Items from a dataset
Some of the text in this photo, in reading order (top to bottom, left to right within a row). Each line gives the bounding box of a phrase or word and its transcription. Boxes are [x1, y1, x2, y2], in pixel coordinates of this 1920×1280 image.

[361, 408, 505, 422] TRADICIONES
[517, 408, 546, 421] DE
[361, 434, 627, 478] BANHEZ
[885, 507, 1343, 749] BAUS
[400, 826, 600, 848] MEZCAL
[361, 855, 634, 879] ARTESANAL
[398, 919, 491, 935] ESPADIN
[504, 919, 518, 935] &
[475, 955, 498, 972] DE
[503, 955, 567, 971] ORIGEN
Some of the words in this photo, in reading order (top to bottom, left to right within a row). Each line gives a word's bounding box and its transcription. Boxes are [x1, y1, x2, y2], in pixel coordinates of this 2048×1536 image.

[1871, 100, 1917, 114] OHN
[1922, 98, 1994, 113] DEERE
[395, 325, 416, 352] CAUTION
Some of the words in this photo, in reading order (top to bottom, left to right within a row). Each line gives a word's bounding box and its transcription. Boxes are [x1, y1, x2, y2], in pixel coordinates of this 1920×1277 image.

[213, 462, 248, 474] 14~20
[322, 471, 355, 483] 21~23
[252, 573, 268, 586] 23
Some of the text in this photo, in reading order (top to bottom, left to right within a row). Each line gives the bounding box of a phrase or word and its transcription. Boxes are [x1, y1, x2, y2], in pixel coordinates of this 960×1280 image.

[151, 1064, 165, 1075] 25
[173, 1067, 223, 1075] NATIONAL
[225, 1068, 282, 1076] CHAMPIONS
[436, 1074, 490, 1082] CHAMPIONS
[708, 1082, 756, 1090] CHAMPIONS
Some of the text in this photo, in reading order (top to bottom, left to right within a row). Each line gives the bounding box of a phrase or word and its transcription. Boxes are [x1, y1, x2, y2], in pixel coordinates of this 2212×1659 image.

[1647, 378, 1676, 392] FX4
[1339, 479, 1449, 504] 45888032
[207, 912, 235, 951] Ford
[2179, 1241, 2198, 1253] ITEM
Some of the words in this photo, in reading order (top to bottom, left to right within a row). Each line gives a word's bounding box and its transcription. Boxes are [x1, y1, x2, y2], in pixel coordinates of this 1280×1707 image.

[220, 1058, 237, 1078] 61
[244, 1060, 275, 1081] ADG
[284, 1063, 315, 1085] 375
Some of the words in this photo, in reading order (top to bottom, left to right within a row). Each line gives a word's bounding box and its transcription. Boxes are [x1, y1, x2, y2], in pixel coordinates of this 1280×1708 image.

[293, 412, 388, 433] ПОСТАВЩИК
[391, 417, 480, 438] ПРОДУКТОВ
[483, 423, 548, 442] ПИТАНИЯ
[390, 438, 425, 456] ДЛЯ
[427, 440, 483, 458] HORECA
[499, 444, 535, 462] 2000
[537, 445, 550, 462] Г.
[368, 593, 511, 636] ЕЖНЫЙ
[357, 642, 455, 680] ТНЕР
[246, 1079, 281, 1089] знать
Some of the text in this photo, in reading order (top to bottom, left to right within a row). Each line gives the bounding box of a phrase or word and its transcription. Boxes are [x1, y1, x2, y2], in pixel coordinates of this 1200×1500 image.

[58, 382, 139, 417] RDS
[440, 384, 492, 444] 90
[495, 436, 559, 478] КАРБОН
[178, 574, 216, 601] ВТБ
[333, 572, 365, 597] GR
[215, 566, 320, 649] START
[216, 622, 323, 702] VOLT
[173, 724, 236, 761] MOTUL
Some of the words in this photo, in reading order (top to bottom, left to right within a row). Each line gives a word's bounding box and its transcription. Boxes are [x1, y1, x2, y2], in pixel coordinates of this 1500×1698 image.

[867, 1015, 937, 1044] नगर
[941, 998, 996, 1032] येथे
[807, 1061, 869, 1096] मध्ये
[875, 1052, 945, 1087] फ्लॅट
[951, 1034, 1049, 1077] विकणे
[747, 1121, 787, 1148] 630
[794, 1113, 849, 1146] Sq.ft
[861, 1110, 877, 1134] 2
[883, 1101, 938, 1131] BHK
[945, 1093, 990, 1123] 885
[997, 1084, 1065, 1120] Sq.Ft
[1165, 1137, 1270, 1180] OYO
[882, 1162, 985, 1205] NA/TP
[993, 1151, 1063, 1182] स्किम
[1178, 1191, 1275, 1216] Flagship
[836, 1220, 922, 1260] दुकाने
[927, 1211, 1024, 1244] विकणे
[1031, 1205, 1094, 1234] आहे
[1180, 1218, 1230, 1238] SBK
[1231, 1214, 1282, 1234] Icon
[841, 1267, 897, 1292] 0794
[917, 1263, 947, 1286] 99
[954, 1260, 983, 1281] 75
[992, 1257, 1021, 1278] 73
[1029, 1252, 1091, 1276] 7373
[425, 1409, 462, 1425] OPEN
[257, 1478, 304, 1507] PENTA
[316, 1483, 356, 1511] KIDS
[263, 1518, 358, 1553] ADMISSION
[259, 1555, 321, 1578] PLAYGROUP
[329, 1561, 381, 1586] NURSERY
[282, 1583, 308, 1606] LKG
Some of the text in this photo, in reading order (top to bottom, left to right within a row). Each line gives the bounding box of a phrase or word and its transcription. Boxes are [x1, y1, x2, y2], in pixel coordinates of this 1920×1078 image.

*AIM OF THE TASK*
Write out the data once more, word for word.

*TASK RESPONSE*
Some of the text in this photo, in reading order (top to bottom, left to right within a row). Each line gives the bounding box of a phrase or word and its transcription. Boxes are [x1, y1, x2, y2], in pixel coordinates of this 1920×1280 image.

[361, 408, 505, 422] TRADICIONES
[517, 408, 546, 421] DE
[361, 434, 627, 478] BANHEZ
[885, 507, 1343, 749] BAUS
[400, 826, 600, 848] MEZCAL
[361, 855, 634, 879] ARTESANAL
[398, 919, 491, 935] ESPADIN
[504, 919, 518, 935] &
[475, 955, 498, 972] DE
[503, 955, 567, 971] ORIGEN
Some of the words in this photo, in reading order (top to bottom, left to right within a row). Each line gives a word's bounding box and its transcription. Boxes are [x1, y1, x2, y2], in pixel coordinates of this 2048×1536 image.

[1871, 100, 1917, 114] OHN
[1922, 98, 1994, 113] DEERE
[395, 325, 416, 352] CAUTION
Some of the words in this photo, in reading order (top to bottom, left to right within a row). Each line gives a word's bounding box and its transcription. Boxes are [x1, y1, x2, y2], in pixel coordinates of this 1920×1277 image.

[213, 462, 248, 474] 14~20
[322, 471, 355, 483] 21~23
[252, 573, 268, 586] 23
Some of the text in this photo, in reading order (top to bottom, left to right within a row). Each line gives the bounding box of a phrase or word and its transcription. Boxes are [x1, y1, x2, y2], in pixel coordinates of this 960×1280 image.

[151, 1064, 165, 1075] 25
[173, 1067, 223, 1075] NATIONAL
[225, 1068, 282, 1076] CHAMPIONS
[436, 1074, 490, 1082] CHAMPIONS
[708, 1082, 756, 1090] CHAMPIONS
Some of the text in this photo, in reading order (top to bottom, left to right within a row). Each line gives the bounding box of a phrase or word and its transcription. Boxes are [x1, y1, x2, y2], in pixel coordinates of this 2212×1659 image.

[1647, 378, 1676, 392] FX4
[1339, 479, 1449, 504] 45888032
[207, 912, 235, 951] Ford
[2179, 1241, 2198, 1253] ITEM
Some of the words in this photo, in reading order (top to bottom, left to right within a row). Each line gives a word's bounding box and its transcription. Boxes are [x1, y1, x2, y2], in pixel coordinates of this 1280×1707 image.

[220, 1058, 237, 1078] 61
[244, 1060, 275, 1081] ADG
[284, 1063, 315, 1085] 375
Some of the words in this photo, in reading order (top to bottom, left to right within a row). Each line gives a word's bounding box and its transcription. Boxes are [x1, y1, x2, y2], in pixel coordinates of this 1280×1708 image.

[293, 412, 388, 433] ПОСТАВЩИК
[391, 417, 480, 438] ПРОДУКТОВ
[483, 423, 548, 442] ПИТАНИЯ
[390, 438, 425, 456] ДЛЯ
[427, 440, 483, 458] HORECA
[499, 444, 535, 462] 2000
[537, 445, 550, 462] Г.
[368, 593, 511, 636] ЕЖНЫЙ
[357, 642, 455, 680] ТНЕР
[246, 1079, 281, 1089] знать
Some of the text in this photo, in reading order (top to bottom, left to right within a row). Each line gives the bounding box of a phrase or word and its transcription. Boxes are [x1, y1, x2, y2], in pixel coordinates of this 1200×1500 image.

[58, 382, 139, 417] RDS
[440, 384, 492, 444] 90
[495, 436, 559, 478] КАРБОН
[178, 574, 216, 601] ВТБ
[333, 572, 365, 597] GR
[215, 566, 320, 649] START
[216, 622, 323, 702] VOLT
[173, 724, 236, 761] MOTUL
Some of the words in this photo, in reading order (top to bottom, left to right within a row). Each line gives a word's bounding box and its transcription. Boxes are [x1, y1, x2, y2], in pixel coordinates of this 1500×1698 image.

[867, 1015, 937, 1044] नगर
[941, 998, 996, 1032] येथे
[807, 1061, 869, 1096] मध्ये
[875, 1052, 945, 1087] फ्लॅट
[951, 1034, 1049, 1077] विकणे
[747, 1121, 787, 1148] 630
[794, 1113, 849, 1146] Sq.ft
[861, 1110, 877, 1134] 2
[883, 1101, 938, 1131] BHK
[945, 1093, 990, 1123] 885
[997, 1084, 1065, 1120] Sq.Ft
[1165, 1137, 1270, 1180] OYO
[882, 1162, 985, 1205] NA/TP
[993, 1151, 1063, 1182] स्किम
[1178, 1191, 1275, 1216] Flagship
[836, 1220, 922, 1260] दुकाने
[927, 1211, 1024, 1244] विकणे
[1031, 1205, 1094, 1234] आहे
[1180, 1218, 1230, 1238] SBK
[1231, 1214, 1282, 1234] Icon
[841, 1267, 897, 1292] 0794
[917, 1263, 947, 1286] 99
[954, 1260, 983, 1281] 75
[992, 1257, 1021, 1278] 73
[1029, 1252, 1091, 1276] 7373
[425, 1409, 462, 1425] OPEN
[257, 1478, 304, 1507] PENTA
[316, 1483, 356, 1511] KIDS
[263, 1518, 358, 1553] ADMISSION
[259, 1555, 321, 1578] PLAYGROUP
[329, 1561, 381, 1586] NURSERY
[282, 1583, 308, 1606] LKG
Some of the text in this photo, in reading order (top to bottom, left to right within a row). Each line gives the bounding box of a phrase or word and its transcription. Boxes are [x1, y1, x2, y2], in pixel coordinates of this 1920×1078 image.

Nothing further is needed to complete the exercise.